#### Task goal:
An exact transcript of the records is what this task asks for.

#### Phrase grounding data:
++++++++++

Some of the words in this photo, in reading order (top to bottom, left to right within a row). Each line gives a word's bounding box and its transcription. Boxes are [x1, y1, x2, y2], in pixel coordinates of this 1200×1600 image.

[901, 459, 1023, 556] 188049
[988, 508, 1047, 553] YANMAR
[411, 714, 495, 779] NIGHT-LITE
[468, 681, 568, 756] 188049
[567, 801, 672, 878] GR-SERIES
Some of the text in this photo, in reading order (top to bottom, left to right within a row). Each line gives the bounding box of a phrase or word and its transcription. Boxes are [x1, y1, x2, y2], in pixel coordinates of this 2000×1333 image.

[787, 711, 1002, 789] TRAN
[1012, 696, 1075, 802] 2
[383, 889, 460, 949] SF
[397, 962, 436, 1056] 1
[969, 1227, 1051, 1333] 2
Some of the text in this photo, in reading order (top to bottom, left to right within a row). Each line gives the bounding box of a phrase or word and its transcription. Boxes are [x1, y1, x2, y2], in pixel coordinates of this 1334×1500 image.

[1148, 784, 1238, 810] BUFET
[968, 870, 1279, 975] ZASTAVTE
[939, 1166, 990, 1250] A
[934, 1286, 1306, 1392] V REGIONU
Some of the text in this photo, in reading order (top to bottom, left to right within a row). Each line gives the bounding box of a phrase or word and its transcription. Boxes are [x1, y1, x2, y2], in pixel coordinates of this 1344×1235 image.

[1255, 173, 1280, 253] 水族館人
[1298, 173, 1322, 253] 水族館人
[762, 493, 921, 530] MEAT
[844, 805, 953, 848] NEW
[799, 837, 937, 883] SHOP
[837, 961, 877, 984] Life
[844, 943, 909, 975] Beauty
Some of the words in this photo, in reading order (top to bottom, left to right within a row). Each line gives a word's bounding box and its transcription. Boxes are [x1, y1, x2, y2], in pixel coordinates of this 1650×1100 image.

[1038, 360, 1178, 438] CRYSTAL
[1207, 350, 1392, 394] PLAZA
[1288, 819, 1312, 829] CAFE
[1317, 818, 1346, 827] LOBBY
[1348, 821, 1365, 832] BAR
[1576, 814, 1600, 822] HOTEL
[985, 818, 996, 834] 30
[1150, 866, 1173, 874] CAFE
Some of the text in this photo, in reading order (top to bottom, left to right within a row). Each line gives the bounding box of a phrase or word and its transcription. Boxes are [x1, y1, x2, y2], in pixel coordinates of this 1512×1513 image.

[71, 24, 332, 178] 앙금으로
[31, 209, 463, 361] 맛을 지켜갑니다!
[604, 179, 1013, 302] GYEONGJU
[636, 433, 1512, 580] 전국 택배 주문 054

++++++++++

#### Task output:
Some of the words in this photo, in reading order (top to bottom, left to right within a row). Each line gives a word's bounding box and its transcription. Boxes are [x1, y1, x2, y2], in pixel coordinates of this 1200×1600 image.

[901, 459, 1023, 556] 188049
[988, 508, 1047, 553] YANMAR
[411, 714, 495, 779] NIGHT-LITE
[468, 681, 568, 756] 188049
[567, 801, 672, 878] GR-SERIES
Some of the text in this photo, in reading order (top to bottom, left to right within a row). Each line gives the bounding box of a phrase or word and its transcription. Boxes are [x1, y1, x2, y2], in pixel coordinates of this 2000×1333 image.

[787, 711, 1002, 789] TRAN
[1012, 696, 1075, 802] 2
[383, 889, 460, 949] SF
[397, 962, 436, 1056] 1
[969, 1227, 1051, 1333] 2
Some of the text in this photo, in reading order (top to bottom, left to right within a row). Each line gives the bounding box of a phrase or word and its transcription. Boxes are [x1, y1, x2, y2], in pixel coordinates of this 1334×1500 image.

[1148, 784, 1238, 810] BUFET
[968, 870, 1279, 975] ZASTAVTE
[939, 1166, 990, 1250] A
[934, 1286, 1306, 1392] V REGIONU
Some of the text in this photo, in reading order (top to bottom, left to right within a row). Each line gives the bounding box of a phrase or word and its transcription. Boxes are [x1, y1, x2, y2], in pixel coordinates of this 1344×1235 image.

[1255, 173, 1280, 253] 水族館人
[1298, 173, 1322, 253] 水族館人
[762, 493, 921, 530] MEAT
[844, 805, 953, 848] NEW
[799, 837, 937, 883] SHOP
[837, 961, 877, 984] Life
[844, 943, 909, 975] Beauty
Some of the words in this photo, in reading order (top to bottom, left to right within a row). Each line gives a word's bounding box and its transcription. Boxes are [x1, y1, x2, y2], in pixel coordinates of this 1650×1100 image.

[1038, 360, 1178, 438] CRYSTAL
[1207, 350, 1392, 394] PLAZA
[1288, 819, 1312, 829] CAFE
[1317, 818, 1346, 827] LOBBY
[1348, 821, 1365, 832] BAR
[1576, 814, 1600, 822] HOTEL
[985, 818, 996, 834] 30
[1150, 866, 1173, 874] CAFE
Some of the text in this photo, in reading order (top to bottom, left to right within a row). Each line gives the bounding box of a phrase or word and its transcription. Boxes are [x1, y1, x2, y2], in pixel coordinates of this 1512×1513 image.

[71, 24, 332, 178] 앙금으로
[31, 209, 463, 361] 맛을 지켜갑니다!
[604, 179, 1013, 302] GYEONGJU
[636, 433, 1512, 580] 전국 택배 주문 054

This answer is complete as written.